----- Entries provided

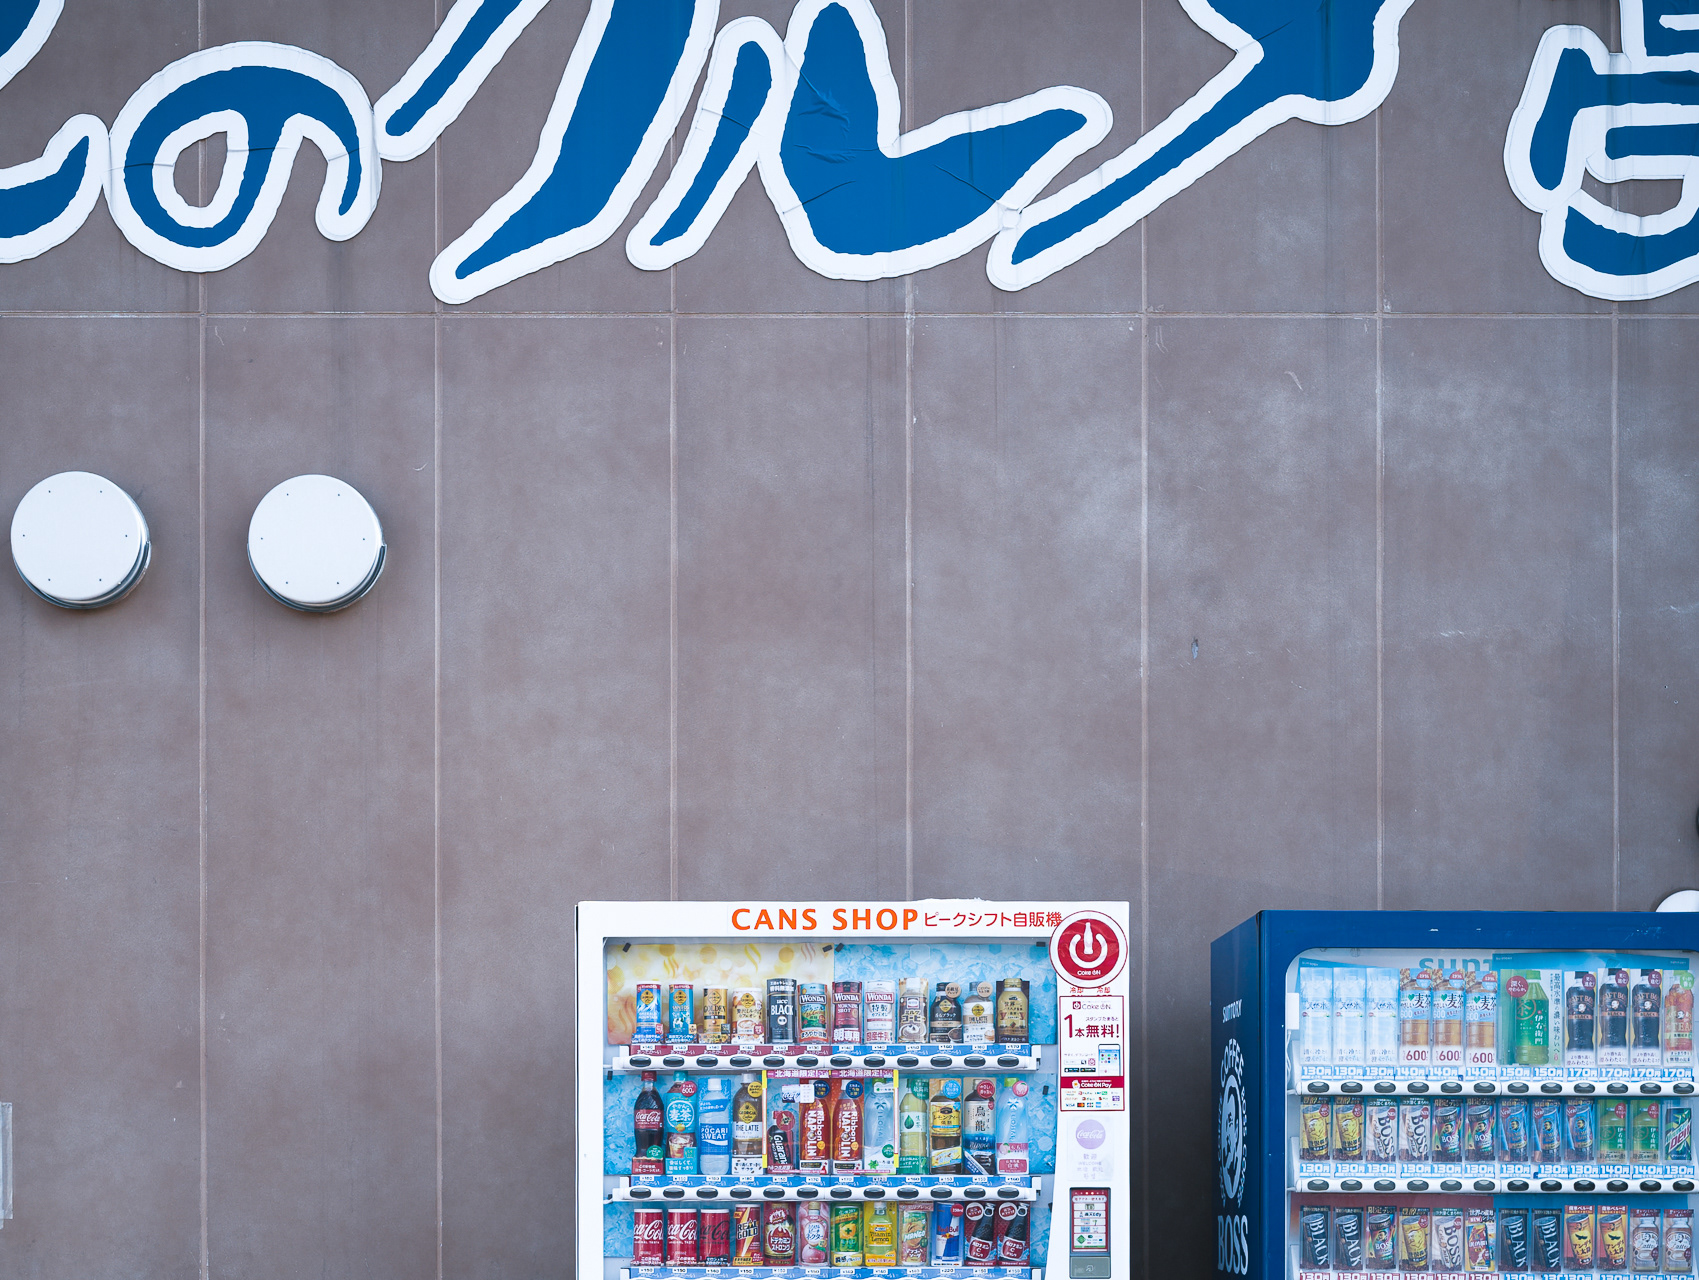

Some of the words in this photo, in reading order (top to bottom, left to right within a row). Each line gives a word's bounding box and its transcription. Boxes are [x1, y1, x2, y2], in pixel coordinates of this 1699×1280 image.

[731, 908, 817, 930] CANS
[832, 908, 918, 930] SHOP
[924, 911, 1062, 928] ピークシフト自販機
[800, 995, 825, 1003] WONDA
[835, 993, 859, 1001] WONDA
[867, 993, 892, 1001] WONDA
[771, 1004, 793, 1016] BLACK
[871, 1004, 888, 1012] 特製
[1223, 999, 1242, 1023] SUNTORY
[1535, 1015, 1543, 1044] 伊右衛門
[1672, 1022, 1692, 1032] TEA
[1221, 1039, 1244, 1088] COFFEE
[775, 1070, 819, 1078] 北海道限定!
[840, 1070, 882, 1078] 北海道限定!
[1303, 1067, 1332, 1076] 130円
[1335, 1067, 1362, 1076] 130円
[1366, 1067, 1394, 1076] 130円
[1396, 1067, 1425, 1076] 140円
[1429, 1067, 1458, 1076] 140円
[1467, 1068, 1496, 1077] 140円
[1502, 1068, 1530, 1077] 150円
[1535, 1068, 1563, 1077] 150円
[1569, 1068, 1597, 1077] 170円
[1601, 1068, 1630, 1077] 170円
[1634, 1068, 1661, 1077] 170円
[1664, 1068, 1692, 1077] 170円
[635, 1111, 661, 1122] Coca-Cola
[669, 1109, 691, 1121] 麦茶
[975, 1105, 986, 1132] 烏龍
[736, 1124, 744, 1132] THE
[745, 1124, 759, 1132] LATTE
[816, 1110, 824, 1141] Ribbon
[850, 1111, 858, 1142] Ribbon
[807, 1110, 817, 1156] NAPOLIN
[840, 1111, 850, 1157] NAPOLIN
[1077, 1129, 1104, 1139] Coca-Cola
[1378, 1115, 1395, 1155] BOSS
[1411, 1115, 1428, 1156] BOSS
[1474, 1133, 1492, 1141] BOSS
[1441, 1134, 1459, 1142] BOSS
[1301, 1164, 1329, 1173] 130円
[1337, 1164, 1365, 1173] 130円
[1367, 1164, 1395, 1173] 130円
[1403, 1164, 1431, 1173] 130円
[1433, 1165, 1461, 1173] 130円
[1466, 1165, 1494, 1173] 130円
[1502, 1165, 1530, 1173] 130円
[1540, 1165, 1568, 1174] 130円
[1570, 1165, 1599, 1174] 130円
[1601, 1165, 1629, 1174] 140円
[1634, 1165, 1663, 1174] 140円
[1665, 1165, 1693, 1174] 130円
[737, 1219, 758, 1231] REAL
[737, 1229, 758, 1240] GOLD
[903, 1230, 925, 1241] MANGO
[1218, 1214, 1249, 1275] BOSS
[1309, 1219, 1329, 1265] BLACK
[1343, 1221, 1361, 1267] BLACK
[1375, 1242, 1393, 1250] BOSS
[1444, 1226, 1460, 1265] BOSS
[1508, 1221, 1527, 1268] BLACK
[1541, 1221, 1560, 1268] BLACK
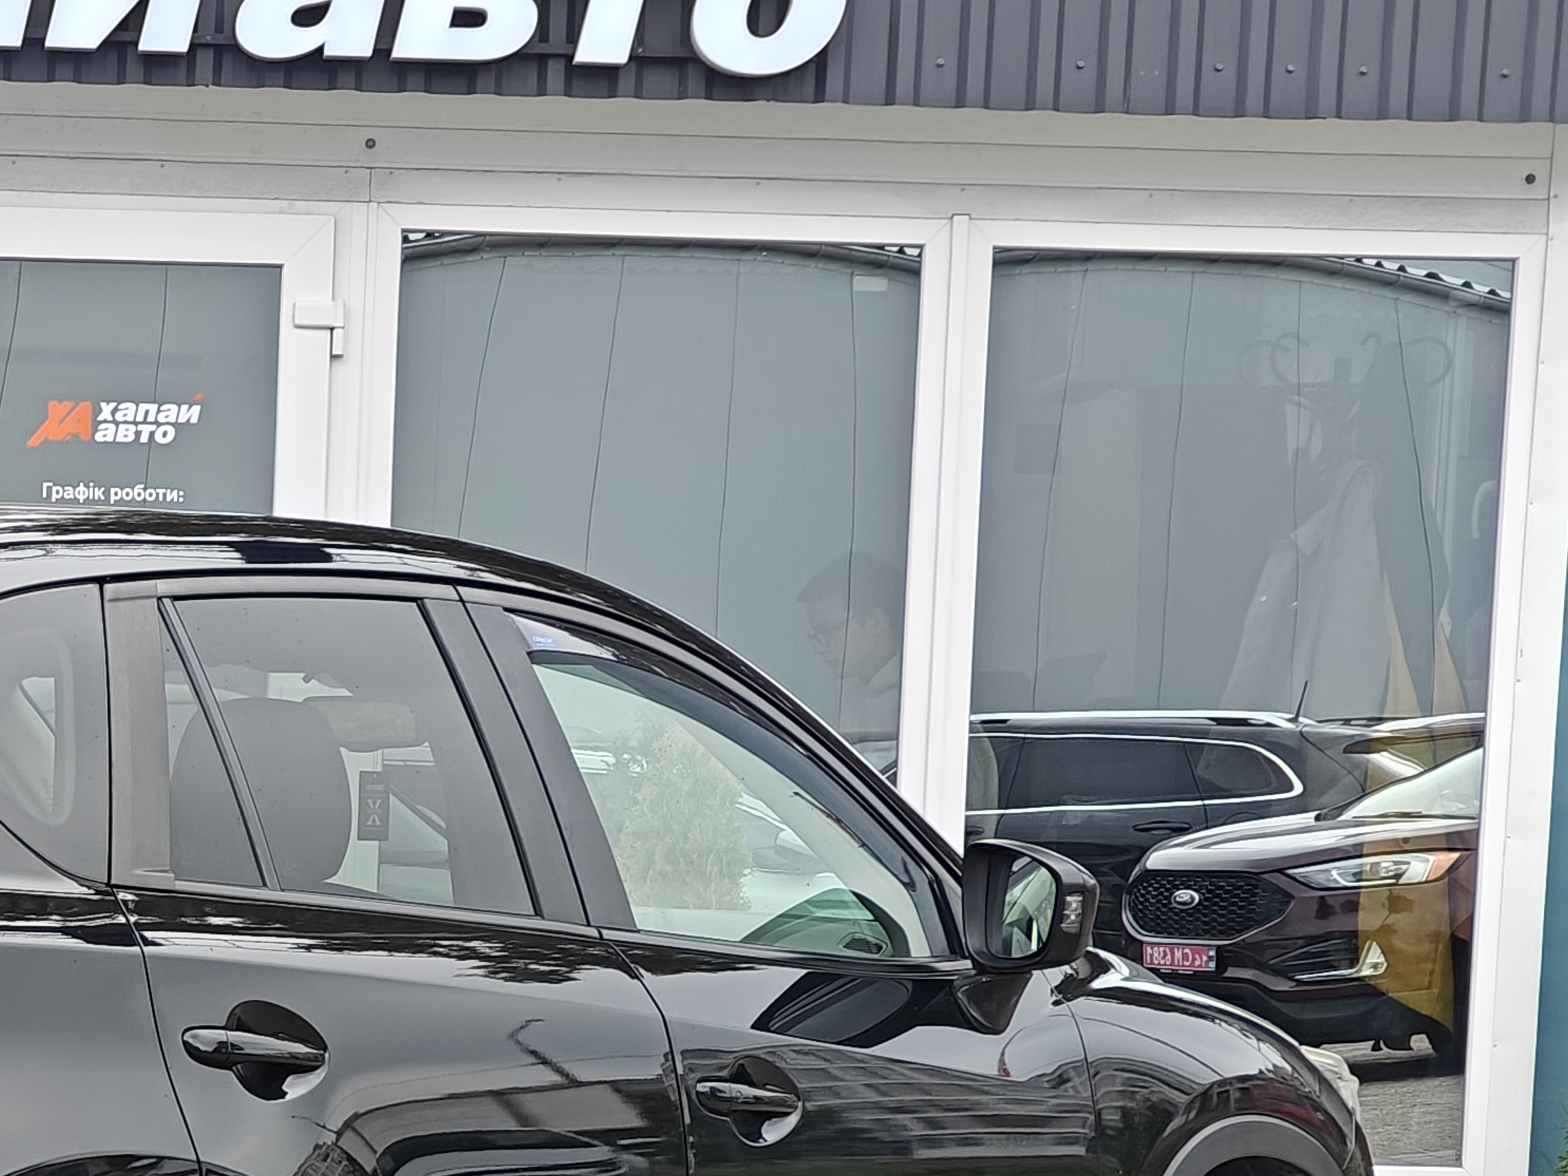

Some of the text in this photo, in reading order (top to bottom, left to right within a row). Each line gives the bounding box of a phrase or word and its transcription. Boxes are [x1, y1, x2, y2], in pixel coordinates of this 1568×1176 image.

[94, 424, 176, 444] авто
[42, 482, 184, 504] Графік роботи:
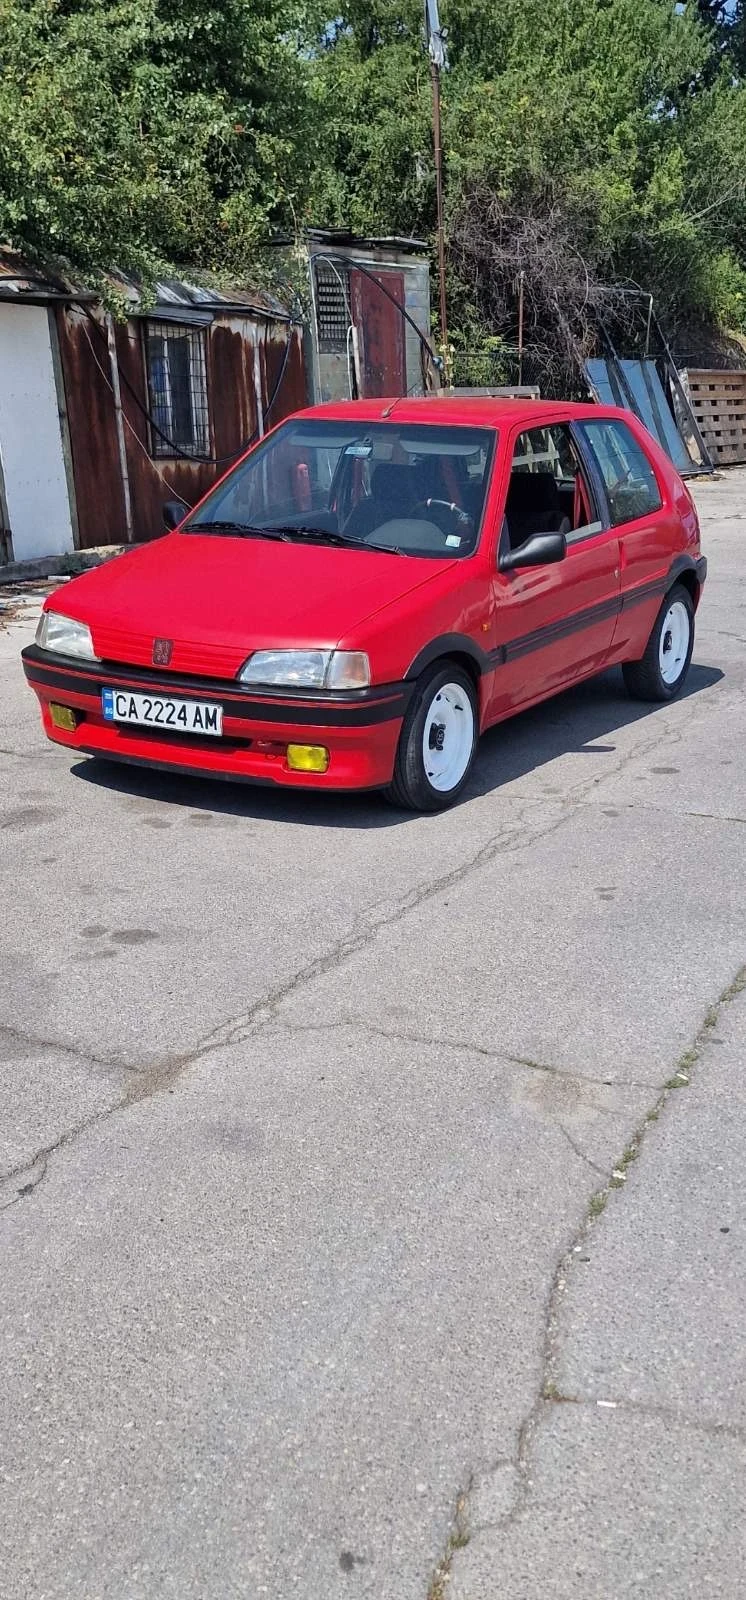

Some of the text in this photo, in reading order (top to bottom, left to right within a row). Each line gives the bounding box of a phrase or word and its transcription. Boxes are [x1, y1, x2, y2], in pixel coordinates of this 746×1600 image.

----------

If a record contains a picture, omit the picture and repeat everything else exactly.

Some of the words in this photo, in reading order (top to bottom, left to right within a row). Each line gives a word's bounding box and its transcription. Boxes are [x1, y1, x2, y2], in pixel coordinates of this 1699×1280 image.

[731, 908, 817, 930] CANS
[832, 908, 918, 930] SHOP
[924, 911, 1062, 928] ピークシフト自販機
[800, 995, 825, 1003] WONDA
[835, 993, 859, 1001] WONDA
[867, 993, 892, 1001] WONDA
[771, 1004, 793, 1016] BLACK
[871, 1004, 888, 1012] 特製
[1223, 999, 1242, 1023] SUNTORY
[1535, 1015, 1543, 1044] 伊右衛門
[1672, 1022, 1692, 1032] TEA
[1221, 1039, 1244, 1088] COFFEE
[775, 1070, 819, 1078] 北海道限定!
[840, 1070, 882, 1078] 北海道限定!
[1303, 1067, 1332, 1076] 130円
[1335, 1067, 1362, 1076] 130円
[1366, 1067, 1394, 1076] 130円
[1396, 1067, 1425, 1076] 140円
[1429, 1067, 1458, 1076] 140円
[1467, 1068, 1496, 1077] 140円
[1502, 1068, 1530, 1077] 150円
[1535, 1068, 1563, 1077] 150円
[1569, 1068, 1597, 1077] 170円
[1601, 1068, 1630, 1077] 170円
[1634, 1068, 1661, 1077] 170円
[1664, 1068, 1692, 1077] 170円
[635, 1111, 661, 1122] Coca-Cola
[669, 1109, 691, 1121] 麦茶
[975, 1105, 986, 1132] 烏龍
[736, 1124, 744, 1132] THE
[745, 1124, 759, 1132] LATTE
[816, 1110, 824, 1141] Ribbon
[850, 1111, 858, 1142] Ribbon
[807, 1110, 817, 1156] NAPOLIN
[840, 1111, 850, 1157] NAPOLIN
[1077, 1129, 1104, 1139] Coca-Cola
[1378, 1115, 1395, 1155] BOSS
[1411, 1115, 1428, 1156] BOSS
[1474, 1133, 1492, 1141] BOSS
[1441, 1134, 1459, 1142] BOSS
[1301, 1164, 1329, 1173] 130円
[1337, 1164, 1365, 1173] 130円
[1367, 1164, 1395, 1173] 130円
[1403, 1164, 1431, 1173] 130円
[1433, 1165, 1461, 1173] 130円
[1466, 1165, 1494, 1173] 130円
[1502, 1165, 1530, 1173] 130円
[1540, 1165, 1568, 1174] 130円
[1570, 1165, 1599, 1174] 130円
[1601, 1165, 1629, 1174] 140円
[1634, 1165, 1663, 1174] 140円
[1665, 1165, 1693, 1174] 130円
[737, 1219, 758, 1231] REAL
[737, 1229, 758, 1240] GOLD
[903, 1230, 925, 1241] MANGO
[1218, 1214, 1249, 1275] BOSS
[1309, 1219, 1329, 1265] BLACK
[1343, 1221, 1361, 1267] BLACK
[1375, 1242, 1393, 1250] BOSS
[1444, 1226, 1460, 1265] BOSS
[1508, 1221, 1527, 1268] BLACK
[1541, 1221, 1560, 1268] BLACK

Some of the text in this photo, in reading order (top to bottom, left to right within a row). Each line gives the bounding box of a phrase or word and its transcription. Boxes are [x1, y1, x2, y2], in pixel coordinates of this 1568×1176 image.

[94, 424, 176, 444] авто
[42, 482, 184, 504] Графік роботи:

Some of the text in this photo, in reading order (top to bottom, left to right within a row). Each line gives the bounding box of a phrase or word and its transcription. Boxes are [x1, y1, x2, y2], in pixel coordinates of this 746×1600 image.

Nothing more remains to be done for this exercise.